The Sound of Science

Savannah Dunn has a passion for science communication. A third-year student in the Program in Experimental and Molecular Medicine (PEMM), Savannah has authored numerous articles for the School of Graduate and Advanced Studies, so when she was awarded a scholarship to attend the Concordia University International Graduate Student Summer School, she jumped at the chance.

Projected Futures: Experimental Science Journalism Studies was held in collaboration with the World Federation of Science Journalists and the Canadian Science Writers Association. The course was geared towards journalists and provided intensive instruction on the rules of engagement in science communication. “Realizing the audience is the most important variable in science journalism was my biggest take-away,” Savannah said of her experience on the course. “You can tell people their tax dollars are paying for all the science you are writing about, but you have to make each piece fit into some place in their daily lives for people to really care. It’s not always about money.”

Presented by experts in different forms of media, the course moved from classic article publications through radio, television, to fast media such as Twitter and Facebook. Participants learned best practices in using each form, the strengths and weaknesses of each, and general rules about science journalism that the presenters had honed in their careers. It was the podcasting section, however, that resonated most with Savannah. “Podcasting is unique,” she says, “because the presence of the reporter’s voice literally makes the media a conversation. Rather than a passive consumption of information, podcasting provides an intimate setting for private conversation.”

Driven by the belief that science should be accessible to everyone, regardless of financial or social capital, Savannah returned from the course in August and developed her own podcast series.

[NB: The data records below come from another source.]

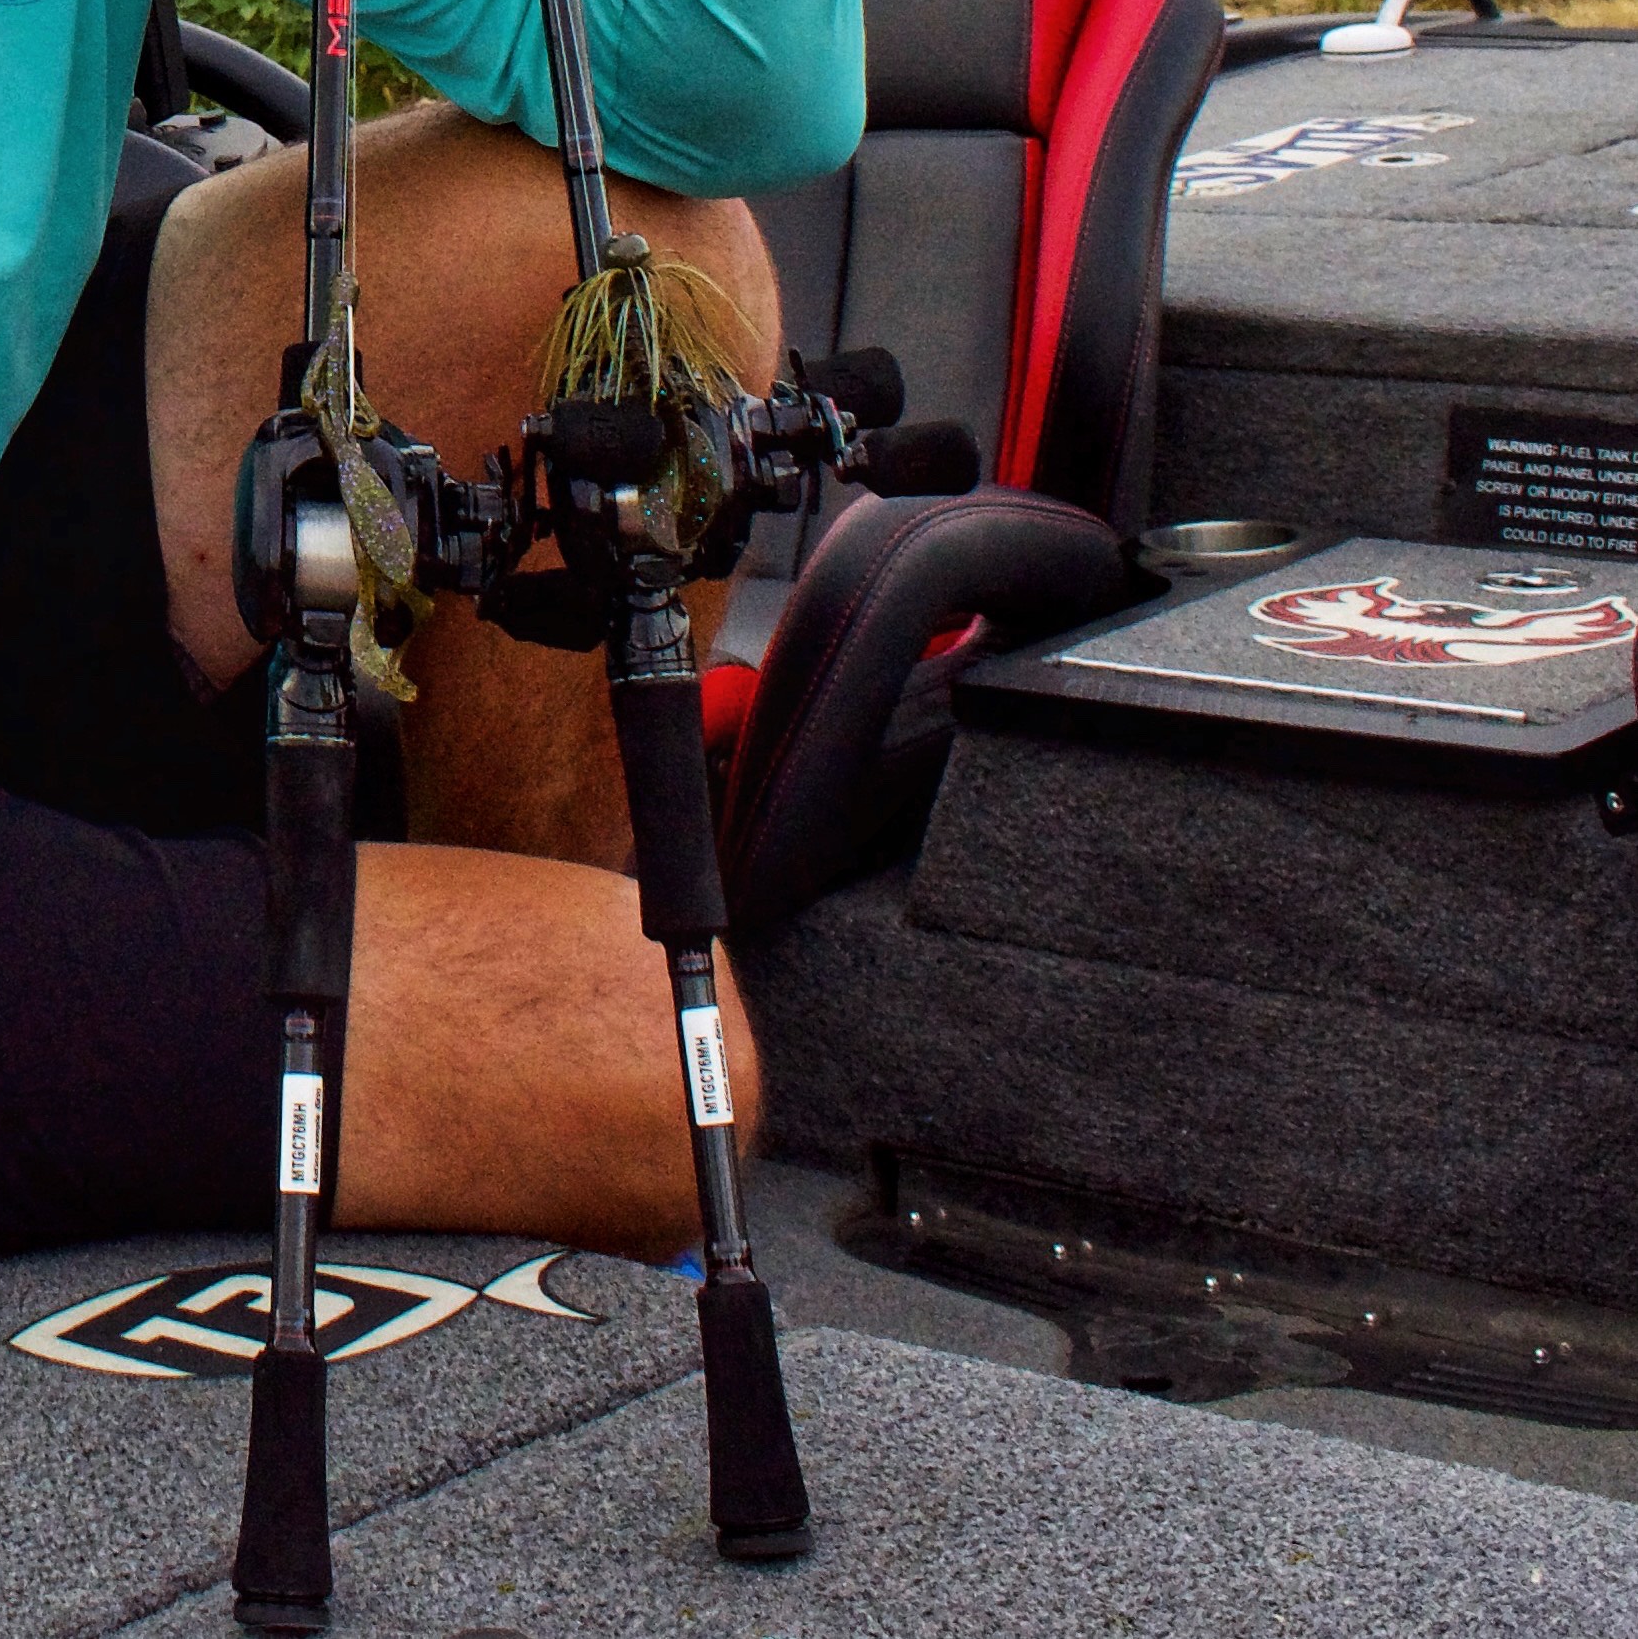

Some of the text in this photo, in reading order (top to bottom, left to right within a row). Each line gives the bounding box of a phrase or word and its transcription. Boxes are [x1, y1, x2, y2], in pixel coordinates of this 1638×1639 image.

[1487, 438, 1559, 456] WARNING:
[1560, 444, 1594, 460] FUEL
[1596, 448, 1630, 462] TANK
[1482, 459, 1521, 474] PANEL
[1524, 463, 1552, 477] AND
[1554, 465, 1595, 481] PANEL
[1475, 480, 1523, 496] SCREW
[1527, 485, 1548, 498] OR
[1550, 487, 1601, 502] MODIFY
[1498, 505, 1511, 517] IS
[1502, 527, 1637, 553] COULD LEAD TO FIRE

In collaboration with her partner, Kellen, they created Steaming Piles of Science, a podcast series that aims to break down the notoriously jargon-filled communication of scientists into accessible and relevant content. “We aim to bring science to you in a digestible fashion because it’s important for everyone to know and understand facts and theories that may impact your daily lives,” says the blurb on the podcast site.

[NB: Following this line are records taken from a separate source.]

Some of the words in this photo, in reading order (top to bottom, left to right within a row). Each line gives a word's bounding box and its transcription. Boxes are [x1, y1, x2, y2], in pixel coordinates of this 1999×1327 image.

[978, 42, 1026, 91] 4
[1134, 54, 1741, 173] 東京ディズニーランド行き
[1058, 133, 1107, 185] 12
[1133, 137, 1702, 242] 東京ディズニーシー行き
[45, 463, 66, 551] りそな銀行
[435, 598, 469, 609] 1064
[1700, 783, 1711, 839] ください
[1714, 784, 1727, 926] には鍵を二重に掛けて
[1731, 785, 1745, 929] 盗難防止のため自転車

But more than making science accessible, Savannah and Kellen want to change the nature of conversations around science. Rather than splitting science into a pigeon-holed existence fighting for funding and acceptance, they see an opportunity to bring non-experts into the conversation to broaden the dialog and to connect research to the lives of those impacted by it. Listeners are encouraged to submit questions and suggestions and drive the direction of the dialog.

“I want everyone to feel as though we are talking directly to them, and each of them have equal rights to learn about the topic,” explains Savannah. “Money for research is spent on topics that are considered important and worthy to the general public. This is one of many reasons why it is so important for everyone, from rocket scientist to plumber to politician, to understand what we know and question how we know it. Making sure our direction in research is sound will ensure more equitable and efficient research in the future.”

Steaming Piles of Science has already covered several topics from introducing academics, to discussions on binge eating, depression, and oceanography. They also record the monthly Science Pub events at Salt hill pub in Lebanon. If you are interested in being a part of these podcasts, either as an academic or as a general participant, or if you have a suggestion for a topic you’d like them to cover, then get in touch. This is science for the people, by the people, and it’s never sounded sweeter.